The seas of Australia have produced some weird, unidentified creatures as well, with one being perhaps the massive prehistoric shark known as the Megalodon (Carcharodon megalodon). Measuring up to an estimated 18 meters (59 ft) in length and possessing formidable teeth around 7 inches (18 cm) long, the Megalodon is considered to be the largest, most powerful predatory fish to have ever lived, and although it is thought to have gone extinct around 2.6 million years ago, there have been sightings well into modern times, suggesting a relic population and of which I have written of here at Mysterious Universe before , on more than one occasion. In 1918 there was one such sighting near Port Stephens, New South Wales, which was said to be a monstrous shark measuring over 100 feet in length, and the incident was described in the report thus:

In the year 1918 I recorded the sensation that had been caused among the “outside” crayfish men at Port Stephens, when, for several days, they refused to go to sea to their regular fishing grounds in the vicinity of Broughton Island. The men had been at work on the fishing grounds—which lie in deep water—when an immense shark of almost unbelievable proportions put in an appearance, lifting pot after pot containing many crayfishes, and taking, as the men said, “pots, mooring lines and all”. These crayfish pots, it should be mentioned, were about 3 feet 6 inches [1.06 m] in diameter and frequently contained from two to three dozen good-sized crayfish each weighing several pounds.

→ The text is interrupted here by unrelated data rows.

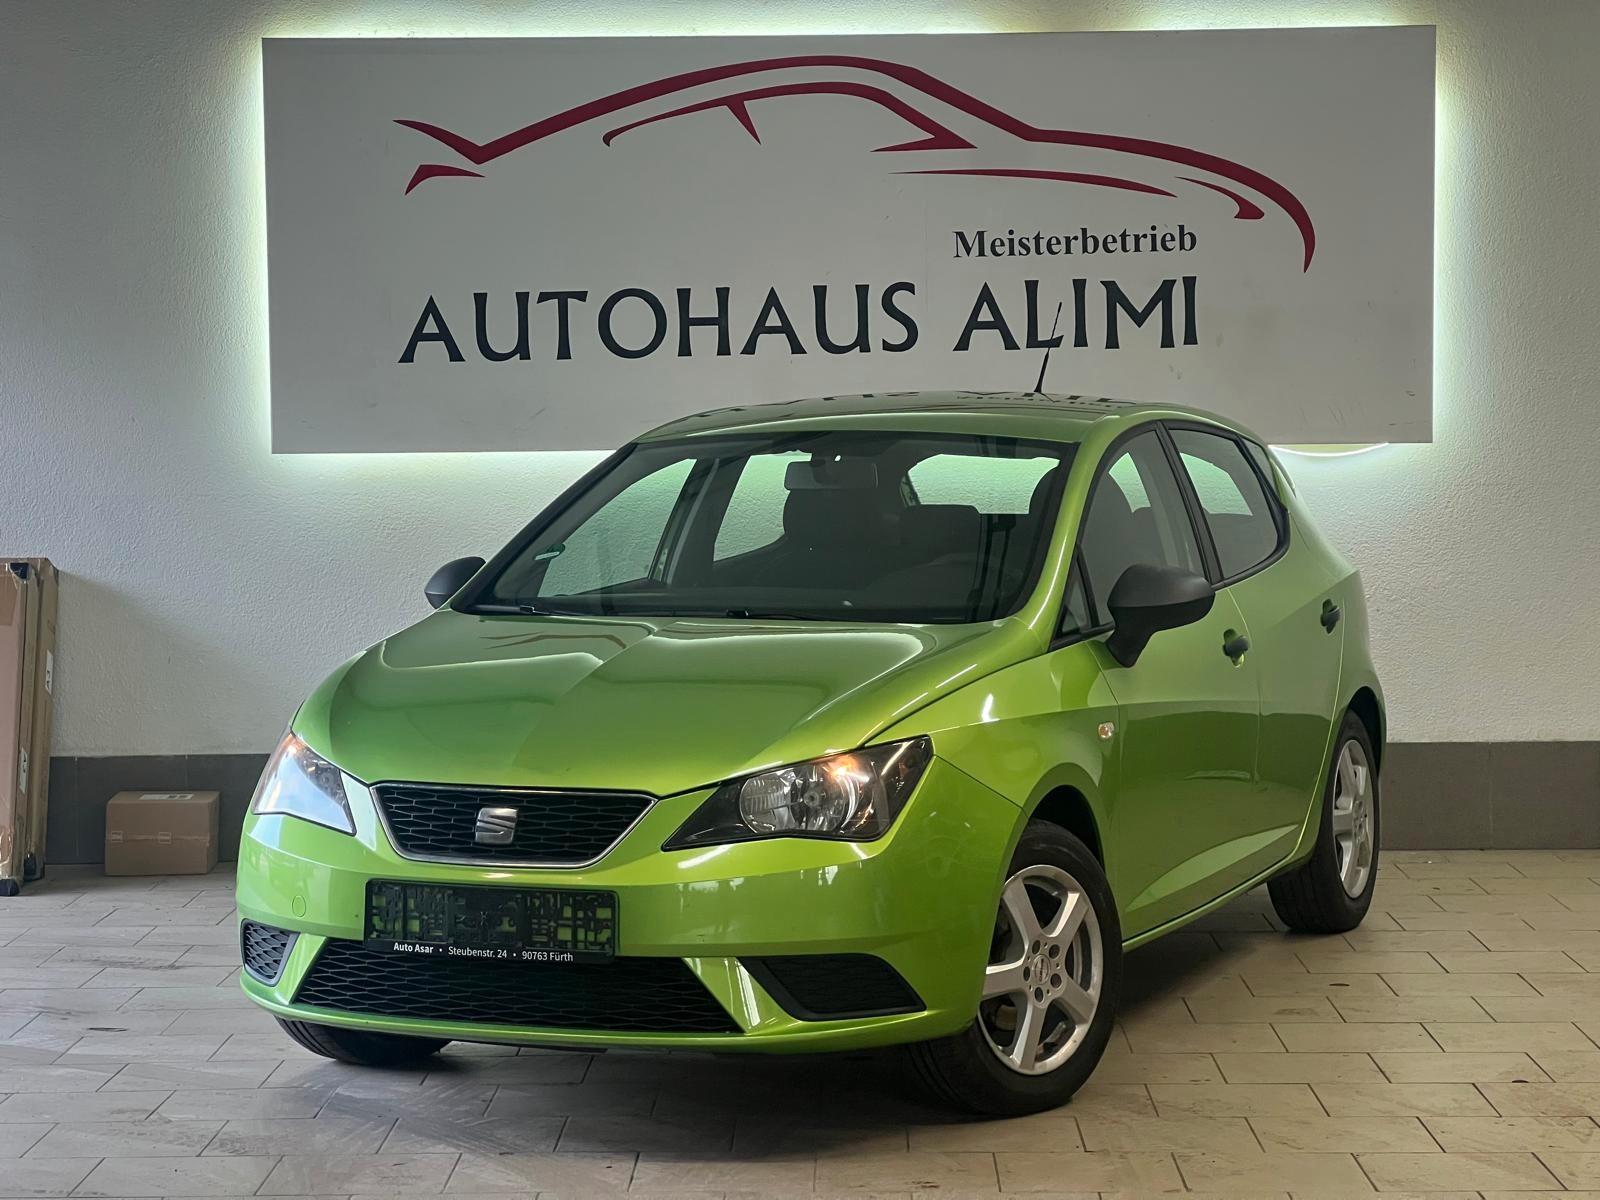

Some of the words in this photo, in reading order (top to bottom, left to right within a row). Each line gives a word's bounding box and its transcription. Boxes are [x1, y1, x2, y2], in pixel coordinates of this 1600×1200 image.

[953, 224, 1197, 259] Meisterbetrieb
[397, 281, 919, 364] AUTOHAUS
[952, 275, 1199, 352] ALIMI
[393, 942, 413, 952] Auto
[414, 943, 434, 954] Asar
[448, 946, 496, 958] Steubenstr.
[497, 949, 507, 958] 24
[521, 950, 548, 961] 90763
[549, 952, 574, 962] Fürth

The men were all unanimous that this shark was something the like of which they had never dreamed of. In company with the local Fisheries Inspector I questioned many of the men very closely and they all agreed as to the gigantic stature of the beast. But the lengths they gave were, on the whole, absurd. I mention them, however, as a indication of the state of mind which this unusual giant had thrown them into. And bear in mind that these were men who were used to the sea and all sorts of weather, and all sorts of sharks as well.

One of the crew said the shark was “three hundred feet [90 m] long at least”! Others said it was as long as the wharf on which we stood—about 115 feet [35 m]! They affirmed that the water “boiled” over a large space when the fish swam past. They were all familiar with whales, which they had often seen passing at sea, but this was a vast shark. They had seen its terrible head which was “at least as long as the roof on the wharf shed at Nelson Bay.” Impossible, of course! But these were prosaic and rather stolid men, not given to ‘fish stories’ nor even to talking about their catches. Further, they knew that the person they were talking to (myself) had heard all the fish stories years before! One of the things that impressed me was that they all agreed as to the ghostly whitish color of the vast fish. The local Fisheries Inspector of the time, Mr Paton, agreed with me that it must have been something really gigantic to put these experienced men into such a state of fear and panic.

Was this report a hoax, an exaggeration, or an actual surviving Megalodon? Considering the extreme sizes reported it seems like this beast would be far larger than even the largest Megalodon, so it is hard to tell just what these men could have seen. Considering that such reports at the time were often peppered with elements of exaggeration and downright fiction, it is nearly impossible to say, and this report will likely remain just a historical anomaly. All that is certain is that if it was real it was a damn big shark. What are we to make of such strange accounts as we have looked at here? It seems clear that Australia is a wild land with plenty of mysteries left to explore.